The Innovation Network Corporation of Japan (INCJ), the main shareholder of JOLED, said it could not expect other stakeholders to help bail the company out, reports Nikkei. As a result, JOLED will shut down two plants located in Japan and terminate approximately 280 workers as it exits the OLED panel manufacturing and sales. Additionally, JOLED has reached an agreement to transfer its technology and development operations, which employ roughly 100 people, to Japan Display Inc., which is also co-owned by INCJ.
"We could not expect relevant parties to make additional investments," said Mikihide Katsumata, the president of INCJ.
Established in 2015, JOLED bet on its high-speed inkjet printing technology for EL layer formation as it promised to increase productivity and lower production costs of OLED panels, which was projected to be its key advantage over rivals. But it took the company years to begin mass production of its OLED panels using its innovative method. The company's OLED panels production facility in Nomi started operation in 2019, and it began making OLED display modules at its site in Chiba in 2020. Essentially, the company only began to produce its OLED products in high volumes in 2021.
By that time, such companies dominated the market of OLED panels, including BOE Display, China Star Optoelectronics Technology (CSOT), LG Display, and Samsung Display, so it has not been easy for JOLED to establish its presence in the market. But JOLED has still managed to ink deals to supply high-end OLED panels to Asus and Eizo, which used them for professional and premium products, and Apple, which used its screens for Apple Watch. Also, JOLED sold its panels to Sony and LG and marketed them under its own OLEDIO brand.
JOLED's Nomi site in Ishikawa, Japan
Unfortunately for the company, it has been bleeding money on its operations and was never profitable. Its owners decided to pull the plug on JOLED, close its manufacturing facilities, and transfer its engineers and IP to JDI, which considers OLED technologies particularly important.
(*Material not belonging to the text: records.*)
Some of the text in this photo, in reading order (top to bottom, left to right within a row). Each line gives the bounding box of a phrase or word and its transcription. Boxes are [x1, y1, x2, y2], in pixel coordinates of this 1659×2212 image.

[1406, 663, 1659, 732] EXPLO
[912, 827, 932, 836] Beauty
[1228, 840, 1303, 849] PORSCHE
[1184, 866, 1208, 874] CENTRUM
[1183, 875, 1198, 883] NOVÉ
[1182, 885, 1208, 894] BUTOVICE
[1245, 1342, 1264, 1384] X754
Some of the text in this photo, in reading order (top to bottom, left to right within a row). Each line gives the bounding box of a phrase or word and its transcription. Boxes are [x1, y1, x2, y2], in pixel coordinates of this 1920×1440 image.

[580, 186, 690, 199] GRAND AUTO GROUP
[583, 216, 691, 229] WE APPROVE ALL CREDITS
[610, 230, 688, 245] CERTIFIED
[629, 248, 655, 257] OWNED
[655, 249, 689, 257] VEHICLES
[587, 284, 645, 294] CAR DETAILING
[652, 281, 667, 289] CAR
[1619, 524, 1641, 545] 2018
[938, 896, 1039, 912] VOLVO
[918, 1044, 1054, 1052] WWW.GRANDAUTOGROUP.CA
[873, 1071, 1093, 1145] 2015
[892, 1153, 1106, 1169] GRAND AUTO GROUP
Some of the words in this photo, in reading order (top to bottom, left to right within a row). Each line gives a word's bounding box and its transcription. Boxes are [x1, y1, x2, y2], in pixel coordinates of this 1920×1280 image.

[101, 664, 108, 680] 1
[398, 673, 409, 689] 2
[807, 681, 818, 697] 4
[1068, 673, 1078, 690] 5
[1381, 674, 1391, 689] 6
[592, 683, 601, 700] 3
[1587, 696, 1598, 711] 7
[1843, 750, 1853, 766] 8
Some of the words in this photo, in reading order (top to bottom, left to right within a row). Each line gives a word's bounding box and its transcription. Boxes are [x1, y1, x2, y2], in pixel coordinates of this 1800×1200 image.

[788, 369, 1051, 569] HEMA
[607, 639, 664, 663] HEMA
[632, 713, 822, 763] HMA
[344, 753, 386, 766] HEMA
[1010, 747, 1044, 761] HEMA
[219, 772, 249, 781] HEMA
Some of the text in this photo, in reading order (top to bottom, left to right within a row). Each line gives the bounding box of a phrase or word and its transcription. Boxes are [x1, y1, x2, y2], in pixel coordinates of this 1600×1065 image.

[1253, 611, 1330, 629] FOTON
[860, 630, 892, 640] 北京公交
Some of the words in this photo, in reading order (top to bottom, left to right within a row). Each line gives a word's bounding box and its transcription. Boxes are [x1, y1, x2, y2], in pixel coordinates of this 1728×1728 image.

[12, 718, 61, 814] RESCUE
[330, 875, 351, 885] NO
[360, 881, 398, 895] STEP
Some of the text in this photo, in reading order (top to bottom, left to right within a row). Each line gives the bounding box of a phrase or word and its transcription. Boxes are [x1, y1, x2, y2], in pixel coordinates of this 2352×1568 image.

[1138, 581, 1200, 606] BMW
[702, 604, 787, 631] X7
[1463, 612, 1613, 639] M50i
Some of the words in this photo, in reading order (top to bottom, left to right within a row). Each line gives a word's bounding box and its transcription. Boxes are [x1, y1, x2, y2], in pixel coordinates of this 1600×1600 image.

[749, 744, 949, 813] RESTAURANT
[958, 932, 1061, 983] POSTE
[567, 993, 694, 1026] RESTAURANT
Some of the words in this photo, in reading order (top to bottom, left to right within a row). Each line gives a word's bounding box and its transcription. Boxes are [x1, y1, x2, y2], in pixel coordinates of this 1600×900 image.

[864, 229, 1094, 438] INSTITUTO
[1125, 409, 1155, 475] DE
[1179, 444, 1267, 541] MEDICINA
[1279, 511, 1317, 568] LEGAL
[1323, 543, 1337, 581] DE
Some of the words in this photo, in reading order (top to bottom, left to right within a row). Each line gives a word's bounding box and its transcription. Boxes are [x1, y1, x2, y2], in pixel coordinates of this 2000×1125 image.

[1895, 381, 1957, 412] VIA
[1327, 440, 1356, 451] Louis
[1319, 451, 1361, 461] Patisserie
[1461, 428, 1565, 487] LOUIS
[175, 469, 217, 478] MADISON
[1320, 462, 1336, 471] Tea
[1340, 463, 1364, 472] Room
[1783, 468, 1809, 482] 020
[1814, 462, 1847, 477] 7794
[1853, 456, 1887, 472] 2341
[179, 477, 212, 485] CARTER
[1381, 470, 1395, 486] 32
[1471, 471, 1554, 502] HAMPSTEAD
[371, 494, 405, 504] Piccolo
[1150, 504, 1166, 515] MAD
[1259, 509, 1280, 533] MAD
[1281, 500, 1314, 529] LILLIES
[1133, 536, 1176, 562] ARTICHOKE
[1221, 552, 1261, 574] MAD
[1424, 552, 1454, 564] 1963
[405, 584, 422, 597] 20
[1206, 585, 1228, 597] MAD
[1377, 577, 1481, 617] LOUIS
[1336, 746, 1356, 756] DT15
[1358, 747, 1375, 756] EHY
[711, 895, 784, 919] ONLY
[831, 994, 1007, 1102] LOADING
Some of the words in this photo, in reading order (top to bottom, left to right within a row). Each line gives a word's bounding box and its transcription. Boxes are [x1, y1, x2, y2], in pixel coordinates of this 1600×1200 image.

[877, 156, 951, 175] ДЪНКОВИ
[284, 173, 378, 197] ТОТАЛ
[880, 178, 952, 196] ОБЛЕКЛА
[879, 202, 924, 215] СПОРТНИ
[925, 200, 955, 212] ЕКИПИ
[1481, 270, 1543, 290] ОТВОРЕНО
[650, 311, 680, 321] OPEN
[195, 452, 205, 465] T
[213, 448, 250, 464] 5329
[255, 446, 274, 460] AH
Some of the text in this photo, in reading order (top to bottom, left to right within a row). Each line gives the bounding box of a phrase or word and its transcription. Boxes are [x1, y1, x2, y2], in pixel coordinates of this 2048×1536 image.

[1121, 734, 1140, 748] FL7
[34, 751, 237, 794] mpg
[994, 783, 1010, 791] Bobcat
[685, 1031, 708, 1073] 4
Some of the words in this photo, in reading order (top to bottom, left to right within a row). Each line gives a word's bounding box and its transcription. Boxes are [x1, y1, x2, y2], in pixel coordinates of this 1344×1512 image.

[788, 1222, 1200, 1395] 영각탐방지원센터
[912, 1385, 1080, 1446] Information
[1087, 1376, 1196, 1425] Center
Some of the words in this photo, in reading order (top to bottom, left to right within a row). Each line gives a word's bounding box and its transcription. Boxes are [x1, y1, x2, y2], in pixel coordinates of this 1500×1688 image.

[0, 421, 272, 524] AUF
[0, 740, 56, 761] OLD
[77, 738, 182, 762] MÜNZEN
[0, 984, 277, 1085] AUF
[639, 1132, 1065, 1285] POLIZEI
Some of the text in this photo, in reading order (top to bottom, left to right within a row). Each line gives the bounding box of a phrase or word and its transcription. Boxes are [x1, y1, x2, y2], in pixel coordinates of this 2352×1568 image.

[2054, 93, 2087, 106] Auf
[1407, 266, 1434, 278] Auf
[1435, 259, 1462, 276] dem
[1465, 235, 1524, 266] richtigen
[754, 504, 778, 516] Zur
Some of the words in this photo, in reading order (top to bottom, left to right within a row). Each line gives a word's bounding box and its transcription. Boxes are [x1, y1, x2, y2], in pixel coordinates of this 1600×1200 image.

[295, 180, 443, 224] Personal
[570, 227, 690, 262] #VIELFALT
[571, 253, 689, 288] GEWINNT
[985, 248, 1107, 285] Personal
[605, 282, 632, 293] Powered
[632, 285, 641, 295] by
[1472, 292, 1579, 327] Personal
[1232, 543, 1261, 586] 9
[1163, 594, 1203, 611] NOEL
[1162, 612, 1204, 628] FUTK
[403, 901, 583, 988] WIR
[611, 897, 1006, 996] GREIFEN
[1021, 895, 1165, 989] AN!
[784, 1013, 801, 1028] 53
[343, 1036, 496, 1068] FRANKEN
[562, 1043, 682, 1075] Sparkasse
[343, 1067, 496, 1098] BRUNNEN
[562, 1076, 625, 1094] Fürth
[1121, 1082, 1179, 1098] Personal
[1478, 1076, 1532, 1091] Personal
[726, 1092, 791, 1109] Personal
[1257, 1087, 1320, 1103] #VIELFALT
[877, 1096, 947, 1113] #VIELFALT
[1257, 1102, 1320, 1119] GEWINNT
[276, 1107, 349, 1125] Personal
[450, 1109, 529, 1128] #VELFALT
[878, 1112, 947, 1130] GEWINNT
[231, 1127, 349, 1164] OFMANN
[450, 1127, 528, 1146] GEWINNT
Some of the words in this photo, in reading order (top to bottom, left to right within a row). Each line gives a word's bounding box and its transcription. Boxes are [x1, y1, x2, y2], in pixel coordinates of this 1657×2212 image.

JDI has agreed to acquire JOLED's OLED IP, know-how, and engineers, as part of its growth strategy. The agreement focuses on keeping OLED technology development by incorporating JOLED's expertise into JDI's operations and providing employment opportunities for JOLED engineering teams. Meanwhile, JDI will not be taking over JOLED's unprofitable product manufacturing and sales divisions, which JOLED has chosen to divest. Yet, JDI has committed to facilitating the smooth termination and liquidation of JOLED's non-inherited businesses to mitigate the impact on local communities, the company said in its statement.
It is unclear when JOLED is set to cease production of its panels and display modules for Asus, Eizo, LG, and Sony. It is also unknown what will happen to the OLEDIO brand, though it will likely be divested.
JOLED was founded in 2015, merging the OLED businesses of Sony and Panasonic. Initial investors in the startup included INCJ, who contributed 75% of the startup capital, as well as Japan Display Inc. (15%), Panasonic (5%), and Sony (5%). Over time JOLED needed more funding to build new manufacturing facilities (OLED panels facility in Nomi, Ishikawa, and OLED display modules facility in Chiba), so it got $400 million from Denso in 2018 as well as $281 million from CSOT/TCL in 2020.
Meanwhile, JDI sold its stake in JOLED in 2020. Currently, INCJ controls 56.8% of JOLED, Denso holds a 16.1% stake, whereas CSOT owns a 10.8% share. Japan's Ichigo Asset Management controls JDI, yet INCJ maintains a stake in the company.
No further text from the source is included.